(Text-to-region grounding data)
◇ ◇ ◇

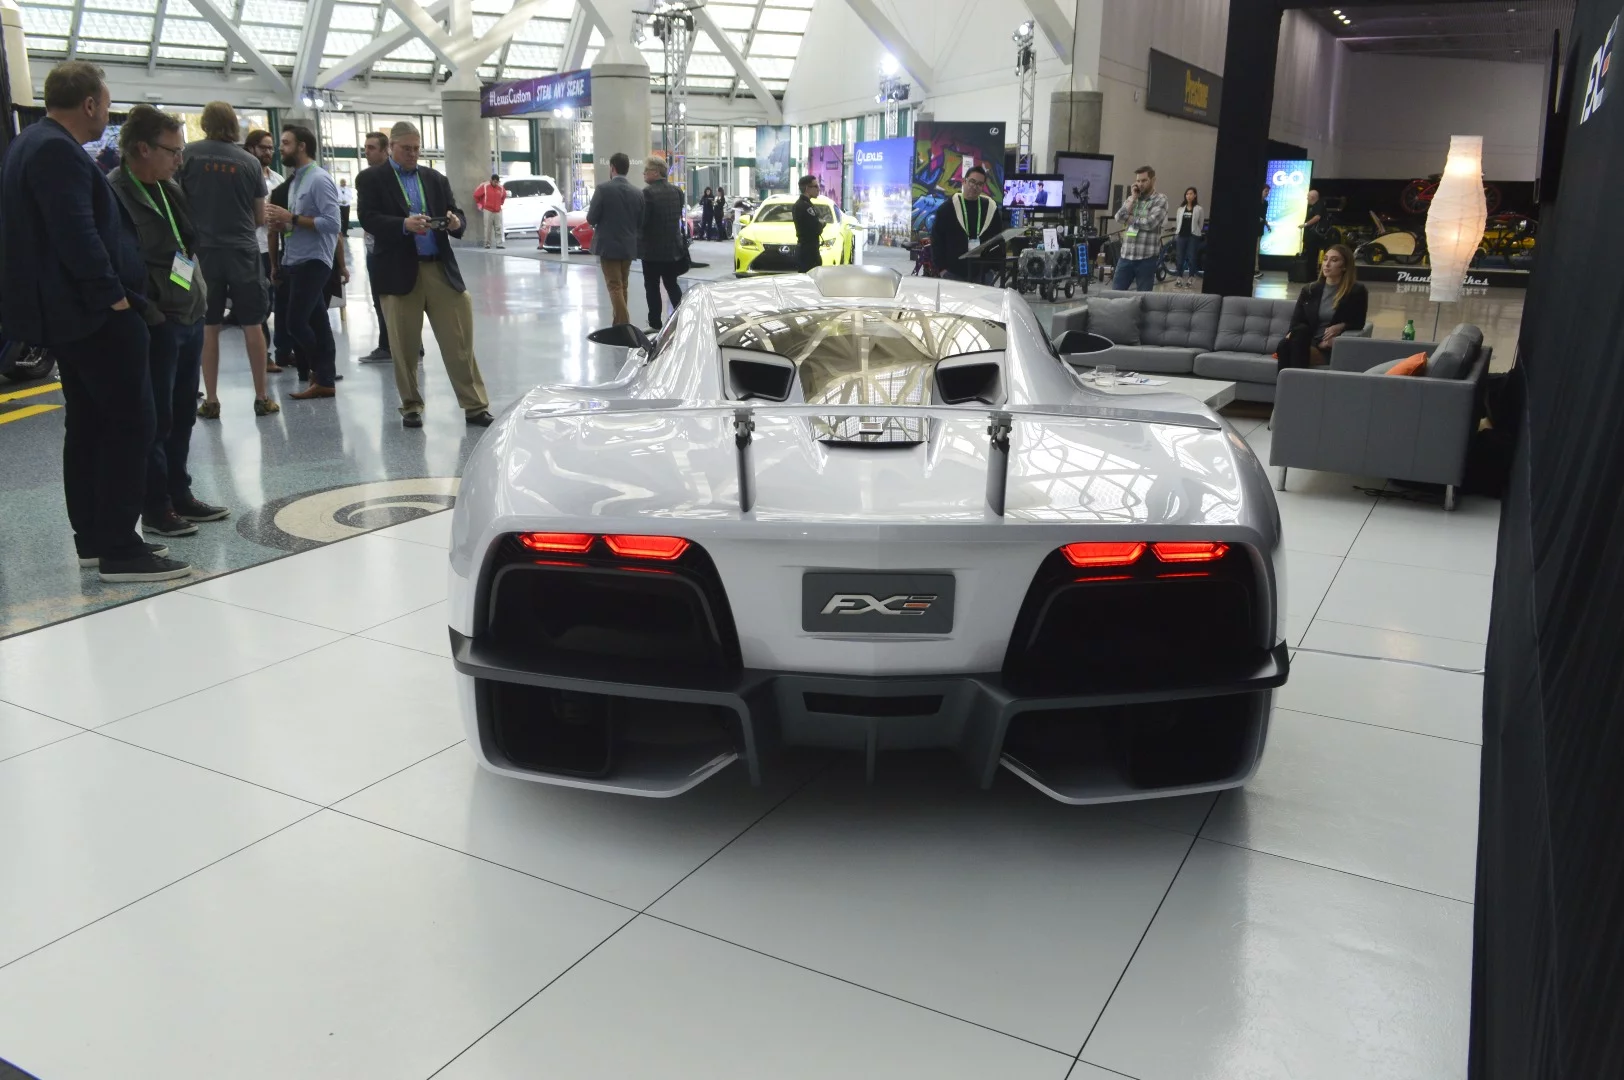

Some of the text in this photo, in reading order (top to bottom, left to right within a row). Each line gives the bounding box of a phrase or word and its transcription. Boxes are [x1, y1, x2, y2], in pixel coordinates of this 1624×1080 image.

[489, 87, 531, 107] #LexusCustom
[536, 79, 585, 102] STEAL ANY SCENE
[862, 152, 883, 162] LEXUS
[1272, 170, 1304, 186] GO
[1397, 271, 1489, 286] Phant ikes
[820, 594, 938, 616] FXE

◇ ◇ ◇

With images omitted, output the data exactly as given.

Some of the text in this photo, in reading order (top to bottom, left to right within a row). Each line gives the bounding box of a phrase or word and its transcription. Boxes are [x1, y1, x2, y2], in pixel coordinates of this 1624×1080 image.

[489, 87, 531, 107] #LexusCustom
[536, 79, 585, 102] STEAL ANY SCENE
[862, 152, 883, 162] LEXUS
[1272, 170, 1304, 186] GO
[1397, 271, 1489, 286] Phant ikes
[820, 594, 938, 616] FXE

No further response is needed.